The researchers are testing the new degraders in blood cancer models and have found promising anticancer potency. They are also developing PROTACs as research tools to guide basic science exploration and other drug discovery efforts.
Better targeting of cancer-killing agents
Patent: “Dendrimer-exosome hybrid nanoparticles as a delivery platform”
Issued May 31, 2022
SoP inventor: Professor Seungpyo Hong
Developing an effective pharmaceutical agent is just the first step toward useful treatment. Pharmaceutical scientists are always looking for better carriers to deliver drugs safely and quickly to their targets in the body, says Seungpyo Hong, a professor in the Pharmaceutical Sciences Division.
This is especially a challenge in cancer treatment, where some effective tumor-killing drugs are underused because of toxic side effects.
“It’s not hard to kill cancer cells,” Hong says. “It’s really hard to kill cancer cells only.”
His group is working to develop a new targeted drug-delivery platform with enhanced specificity for cancer cells to maximize the therapeutic index while minimizing toxicity.
The platform is based on exosomes, which are naturally produced vesicles — somewhat like “bubbles” of membrane — released from cells.

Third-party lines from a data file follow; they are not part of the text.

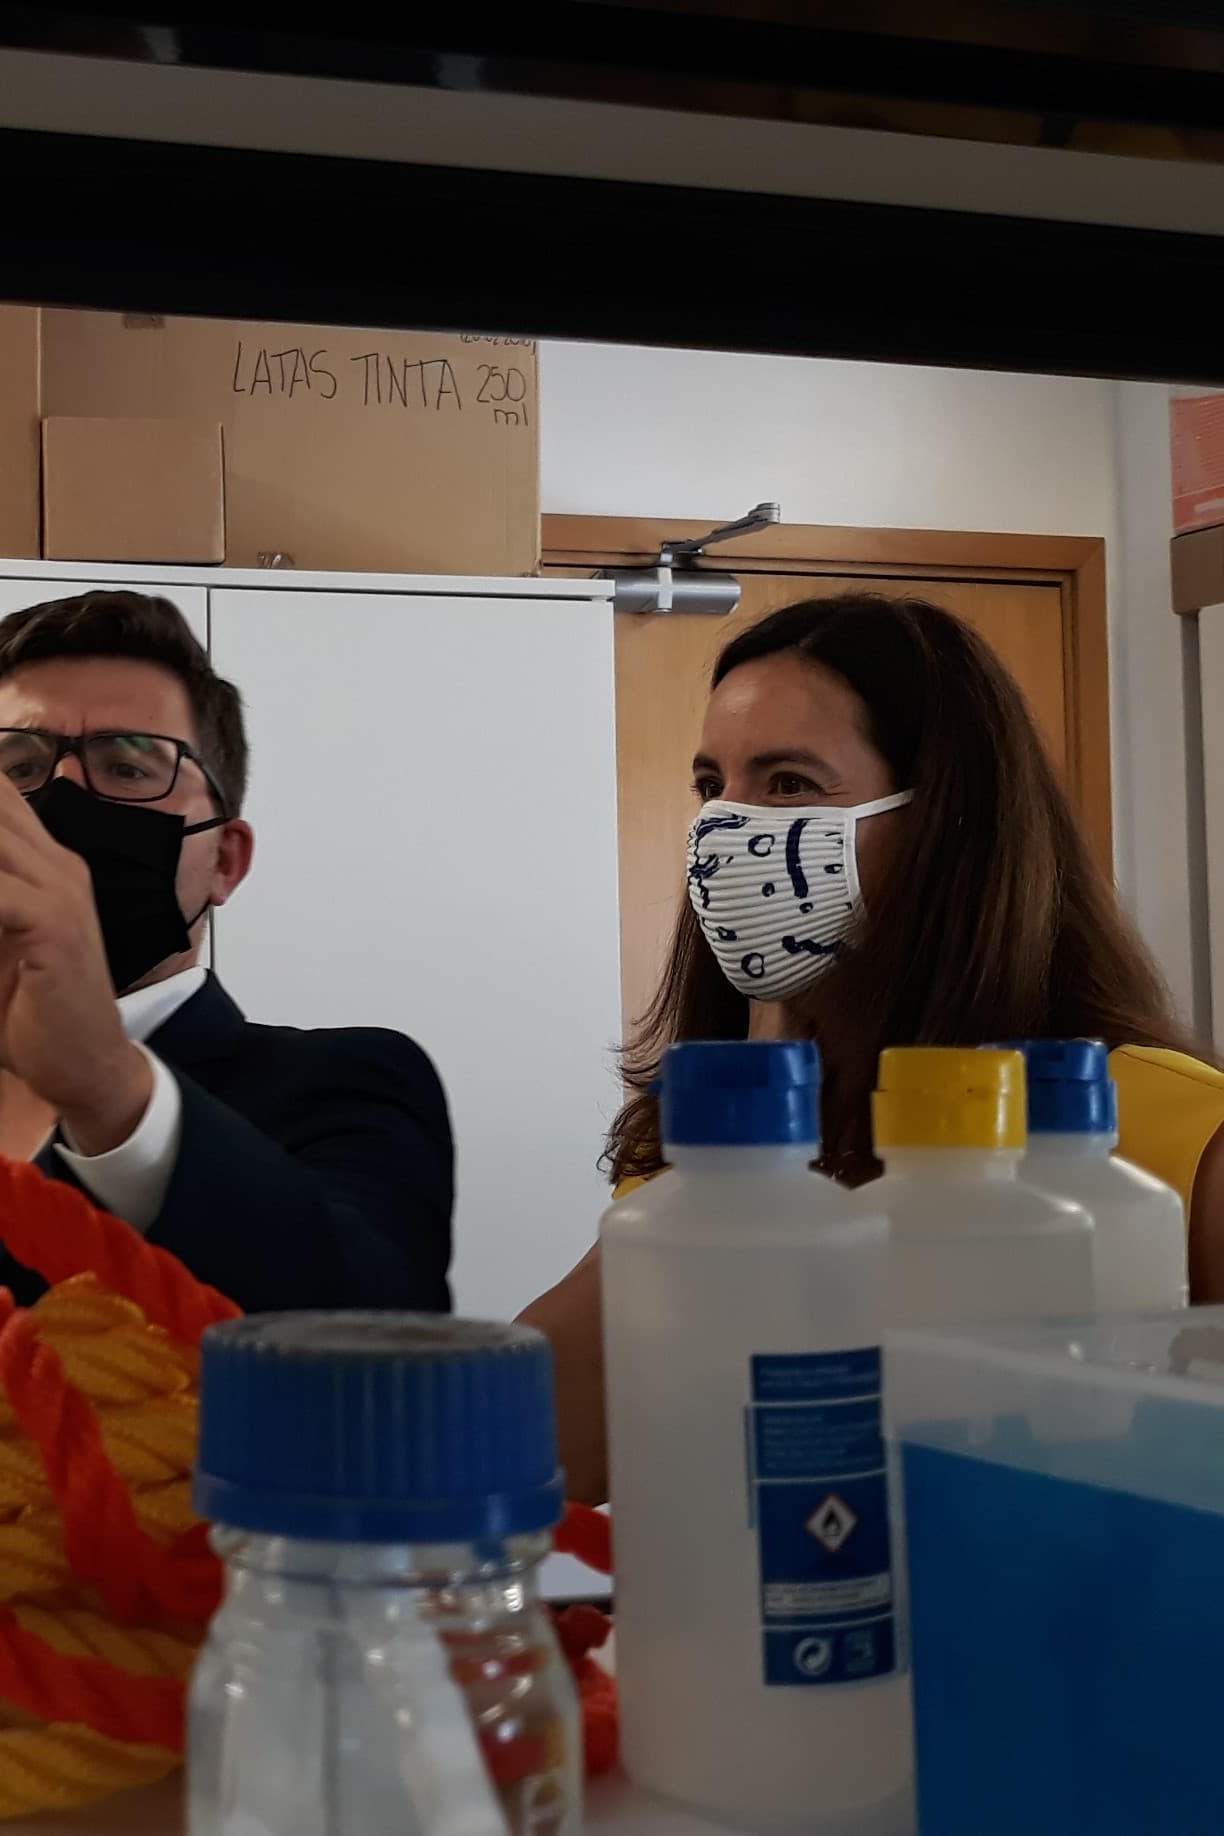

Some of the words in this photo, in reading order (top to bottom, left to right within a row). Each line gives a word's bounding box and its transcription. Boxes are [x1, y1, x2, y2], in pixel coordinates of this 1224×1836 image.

[232, 341, 337, 399] LATAS
[350, 352, 462, 410] TINTA
[475, 364, 526, 403] 250
[493, 403, 528, 426] ml
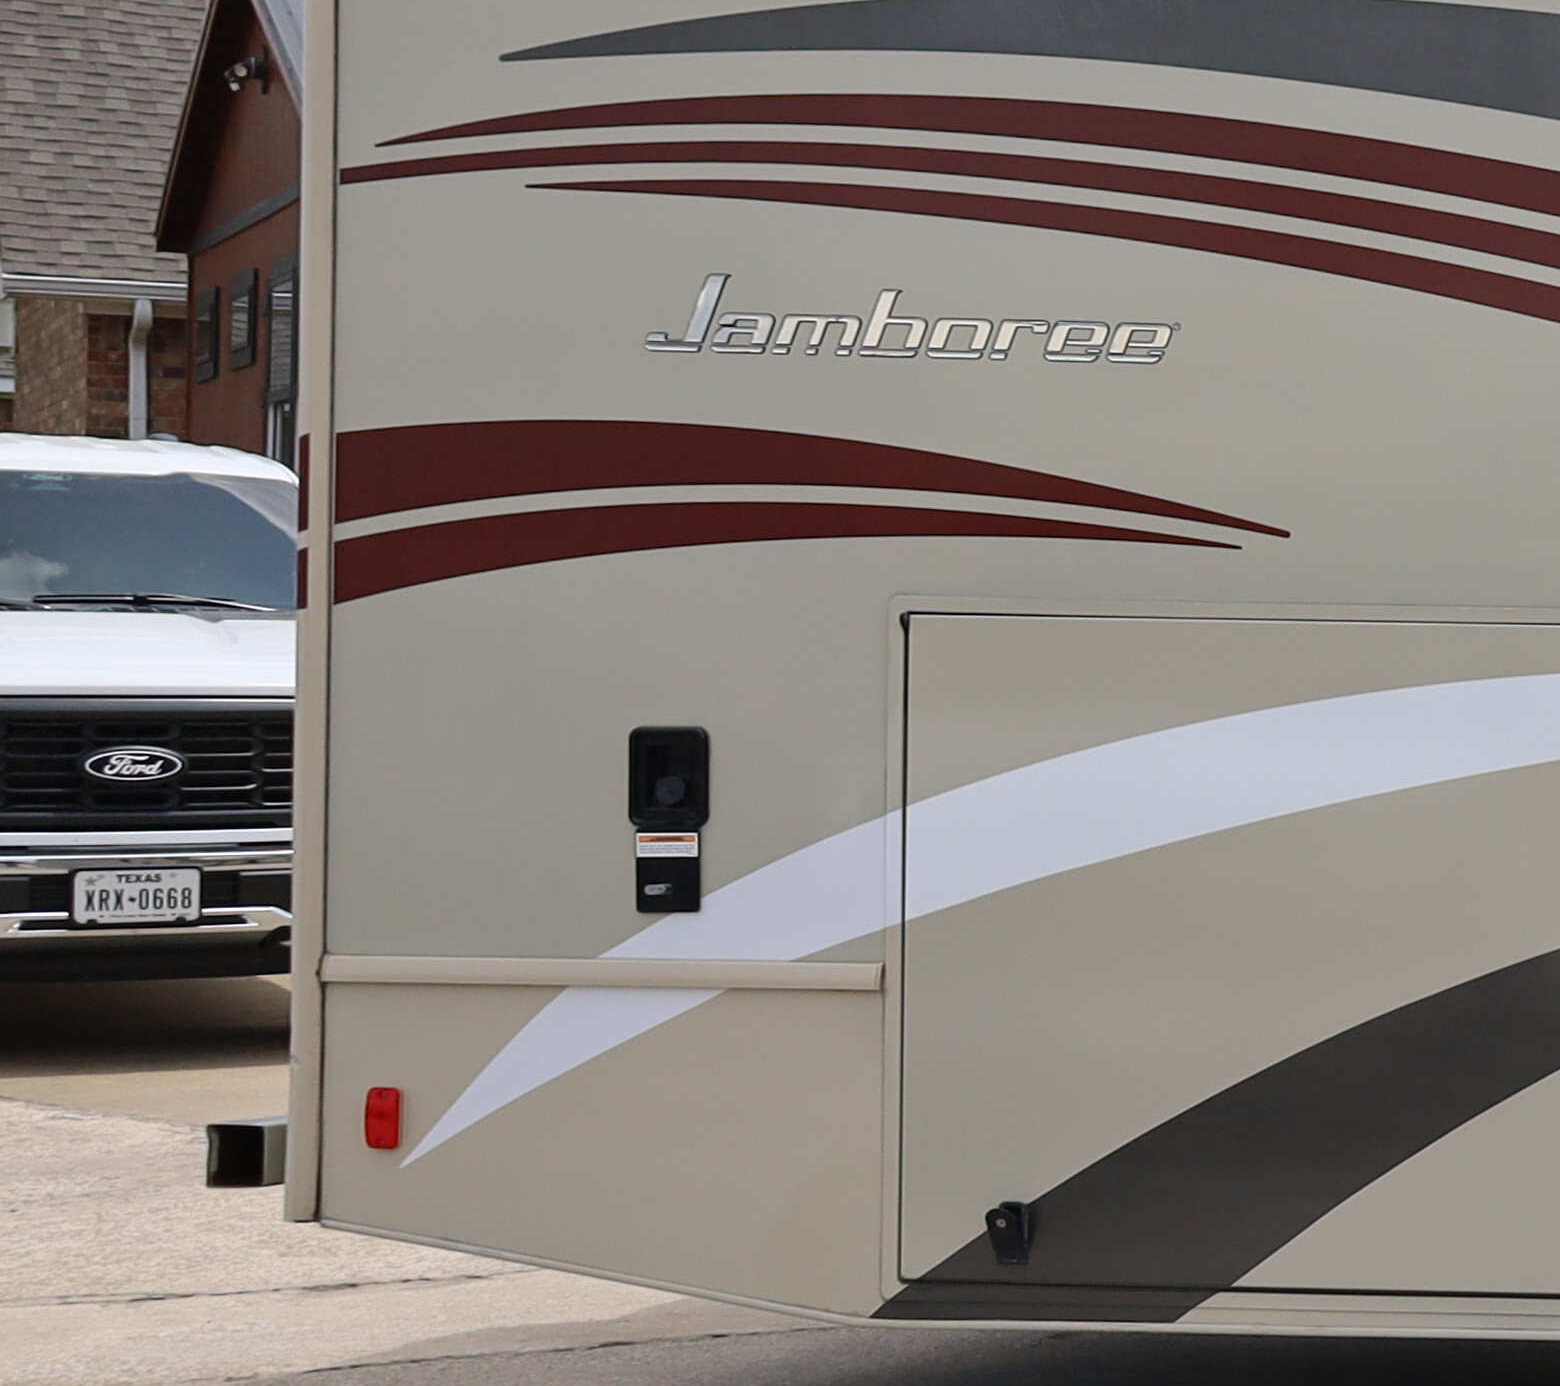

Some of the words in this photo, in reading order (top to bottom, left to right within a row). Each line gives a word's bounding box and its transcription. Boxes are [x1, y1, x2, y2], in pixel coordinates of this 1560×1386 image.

The inside of the bubble can be loaded with drugs or other compounds of interest. Importantly, exosomes have natural homing properties that draw them to inflamed tissues frequently found in cancerous regions. This means that exosomes derived from tumor cells will tend to be attracted back to the cancer, where they are small enough to permeate the tumor tissue effectively.
The researchers developed a way to load exosomes with a type of cancer-targeting nanoparticles called dendrimers. These small, flexible molecules can infiltrate tumors and bind cancer cells very efficiently. Hong’s group has engineered dendrimers to carry cancer immunotherapeutic agents, as well as ligands for cancer-specific receptors. One challenge, however, is getting the tiny particles to stick around in the body long enough to be effective.
The integrated dendrimer-exosome hybrids described in the new patent link the benefits of both technologies. The exosomes shelter the dendrimers and deliver them right to where they’re needed; once released from the exosomes, the dendrimers can bind cancer cells and deliver the drug in a highly targeted manner.
“By integrating the exosomes and dendrimers, we are increasing the layers of targeting so that we are going to maximize the overall targeting efficacy,” Hong says. Loading the dendrimers, which are an artificial material, into the natural exosomes also enhances the biocompatibility of the system and minimizes toxicity concerns.
Eventually, the goal is to isolate exosomes from individual patients to enable personalized medicine, Hong says. This approach may maximize the targeting benefits, while using cells derived from a patient’s own body also reduces concerns about immune reactions and toxicity. They are currently working on methods to improve the harvest yield of exosomes and test anticancer efficacy in animal models.